# Evaluation metrics for the Cityscapes dataset
In this Jupyter Notebook we show how to compute and visualize different evaluation metrics for the Cityscapes Pixel-Segmentation task

In [None]:
!pip install cityscapesscripts;

## Imports

In [1]:
import os
import torch
import zipfile
import numpy as np

from sklearn.metrics import accuracy_score
from importlib import reload
from os.path import join as pjoin
from datasets.cityscapes import cityscapesDataset
from torchvision import transforms

In [2]:
local_path = "./Cityscapes"
pckgs_names = ["gtFine_trainvaltest.zip","leftImg8bit_trainvaltest.zip"]
dir_names = ["gtFine", "leftImg8bit"]

### Load the dataset
We assume that the datset *Cityscapes* has already been downloaded in the folder *local_path*. If this is not the case, check first the notebook [Exploring the Cityscapes dataset](./cityscapes_dataset.ipynb)

In [3]:
training_data = cityscapesDataset(local_path, split="train")

Annotations files processed


In [4]:
labels = training_data.label_ids()
labels

[-1, 0, 1, 2, 3, 4, 5, 6, 7, 8, 9, 10, 11, 12, 13, 14, 15, 16, 17, 18, 255]

In [5]:
y_true = [training_data[i][1] for i in range(0,10)]
y_true = torch.flatten(torch.cat(y_true))
y_true.size()

torch.Size([1310720])

In [6]:
y_pred = [training_data[i][1] for i in range(5,15)]
y_pred = torch.flatten(torch.cat(y_pred))
y_pred.size()

torch.Size([1310720])

In [7]:
labels = np.unique(y_true.numpy())

## Evaluation report

In [30]:
import importlib
import evaluation
importlib.reload(evaluation)

<module 'evaluation' from '/project/simple-imageseg/evaluation.py'>

Create an evaluation report providing a dataloader and a model to make the predictions

Create an evaluation report providing the ground-truth values and the predictions.

In [31]:
eval_report = evaluation.EvaluationReport.from_predictions(y_true.numpy(), y_pred.numpy(), labels)
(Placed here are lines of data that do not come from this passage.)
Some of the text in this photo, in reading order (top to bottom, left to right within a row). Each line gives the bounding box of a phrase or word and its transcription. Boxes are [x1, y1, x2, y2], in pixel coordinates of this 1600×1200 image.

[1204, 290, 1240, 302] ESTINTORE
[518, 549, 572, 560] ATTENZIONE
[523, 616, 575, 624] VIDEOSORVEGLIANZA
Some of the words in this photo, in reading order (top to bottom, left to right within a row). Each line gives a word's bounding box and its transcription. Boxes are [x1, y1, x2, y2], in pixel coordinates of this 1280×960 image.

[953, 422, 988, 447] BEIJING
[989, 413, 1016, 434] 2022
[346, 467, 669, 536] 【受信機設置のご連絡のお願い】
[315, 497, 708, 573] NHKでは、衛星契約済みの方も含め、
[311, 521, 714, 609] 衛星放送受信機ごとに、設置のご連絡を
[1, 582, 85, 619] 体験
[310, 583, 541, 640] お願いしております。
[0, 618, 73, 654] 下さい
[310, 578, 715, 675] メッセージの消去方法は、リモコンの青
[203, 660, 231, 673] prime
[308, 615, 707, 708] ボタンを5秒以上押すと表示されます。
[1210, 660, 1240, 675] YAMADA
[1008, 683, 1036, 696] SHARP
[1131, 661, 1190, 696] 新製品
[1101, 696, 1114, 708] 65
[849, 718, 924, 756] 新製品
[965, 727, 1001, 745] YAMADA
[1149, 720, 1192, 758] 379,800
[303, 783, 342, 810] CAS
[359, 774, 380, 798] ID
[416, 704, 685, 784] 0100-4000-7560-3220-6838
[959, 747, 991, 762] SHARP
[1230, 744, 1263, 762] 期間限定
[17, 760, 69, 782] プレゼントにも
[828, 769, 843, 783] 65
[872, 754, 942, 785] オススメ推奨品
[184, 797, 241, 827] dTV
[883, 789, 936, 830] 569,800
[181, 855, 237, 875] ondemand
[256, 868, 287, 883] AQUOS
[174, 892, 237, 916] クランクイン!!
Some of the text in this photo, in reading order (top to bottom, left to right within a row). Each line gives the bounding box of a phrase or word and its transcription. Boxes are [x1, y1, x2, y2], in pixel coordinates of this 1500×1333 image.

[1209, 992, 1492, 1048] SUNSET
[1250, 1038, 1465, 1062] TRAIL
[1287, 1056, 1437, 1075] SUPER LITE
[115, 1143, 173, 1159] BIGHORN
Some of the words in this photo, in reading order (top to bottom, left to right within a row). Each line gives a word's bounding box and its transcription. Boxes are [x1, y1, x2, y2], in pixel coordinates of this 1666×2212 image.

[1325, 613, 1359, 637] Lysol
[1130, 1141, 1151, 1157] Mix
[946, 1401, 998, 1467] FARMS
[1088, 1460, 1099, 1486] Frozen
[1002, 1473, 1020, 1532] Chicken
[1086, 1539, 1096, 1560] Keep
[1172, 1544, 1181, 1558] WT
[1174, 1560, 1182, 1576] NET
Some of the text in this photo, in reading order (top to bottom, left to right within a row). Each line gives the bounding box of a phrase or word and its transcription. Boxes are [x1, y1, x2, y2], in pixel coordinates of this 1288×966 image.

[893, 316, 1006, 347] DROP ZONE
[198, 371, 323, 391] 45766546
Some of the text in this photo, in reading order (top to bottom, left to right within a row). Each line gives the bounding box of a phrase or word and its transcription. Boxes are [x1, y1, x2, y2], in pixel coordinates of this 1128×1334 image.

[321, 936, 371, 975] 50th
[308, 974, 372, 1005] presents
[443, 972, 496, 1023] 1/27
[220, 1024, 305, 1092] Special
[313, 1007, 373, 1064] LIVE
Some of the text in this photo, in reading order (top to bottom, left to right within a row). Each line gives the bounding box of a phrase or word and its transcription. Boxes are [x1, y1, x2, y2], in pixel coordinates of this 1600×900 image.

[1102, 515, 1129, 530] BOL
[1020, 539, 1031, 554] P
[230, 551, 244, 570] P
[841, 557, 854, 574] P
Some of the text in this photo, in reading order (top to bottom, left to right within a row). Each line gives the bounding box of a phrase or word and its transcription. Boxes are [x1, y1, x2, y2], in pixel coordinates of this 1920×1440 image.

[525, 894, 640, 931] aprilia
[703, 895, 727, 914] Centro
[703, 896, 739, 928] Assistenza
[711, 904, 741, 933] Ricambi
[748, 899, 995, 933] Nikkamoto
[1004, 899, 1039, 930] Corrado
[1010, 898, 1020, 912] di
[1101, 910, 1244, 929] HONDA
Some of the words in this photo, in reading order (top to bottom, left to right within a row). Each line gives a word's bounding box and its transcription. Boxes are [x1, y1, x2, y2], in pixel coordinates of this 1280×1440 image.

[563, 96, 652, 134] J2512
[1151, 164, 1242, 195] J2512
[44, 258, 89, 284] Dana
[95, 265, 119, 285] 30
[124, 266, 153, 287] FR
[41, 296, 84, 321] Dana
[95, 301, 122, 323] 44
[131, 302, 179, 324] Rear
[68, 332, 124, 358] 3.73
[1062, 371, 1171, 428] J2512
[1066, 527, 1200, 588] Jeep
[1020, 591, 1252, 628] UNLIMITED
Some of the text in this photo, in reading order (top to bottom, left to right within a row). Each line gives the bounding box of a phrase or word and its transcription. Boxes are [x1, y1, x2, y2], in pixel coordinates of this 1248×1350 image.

We can obtain the metrics for a single targe class, in a 'one vs. rest' way

In [22]:
target_class = 1
metrics2 = eval_report.get_metrics(pos_label=target_class)
metrics2

{'accuracy': 0.9274,
 'sensitivity': 0.0812,
 'specificity': 0.9672,
 'dice_coeff': 0.0912,
 'jaccard_sim': 0.0478,
 'precision': 0.1041,
 'recall': 0.0812,
 'f1_score': 0.0912}

The number of decimal places can be changed

In [23]:
eval_report.decimal_places = 10
eval_report.get_metrics(pos_label=target_class)

{'accuracy': 0.9274479659,
 'sensitivity': 0.0811904272,
 'specificity': 0.9671959811,
 'dice_coeff': 0.0912453761,
 'jaccard_sim': 0.0478036176,
 'precision': 0.1041428446,
 'recall': 0.0811904272,
 'f1_score': 0.0912453761}

We can also obtain the average metrics for all classes. 

In [24]:
eval_report.get_metrics(average="macro")

{'accuracy': 0.944132954,
 'sensitivity': 0.1742704216,
 'specificity': 0.966371336,
 'dice_coeff': 0.1647542206,
 'jaccard_sim': 0.116726126,
 'precision': 0.1658803216,
 'recall': 0.1742704216,
 'f1_score': 0.1647542206}

And we can include the weight of each class to compute a weighted average

In [25]:
eval_report.get_metrics(average="weighted")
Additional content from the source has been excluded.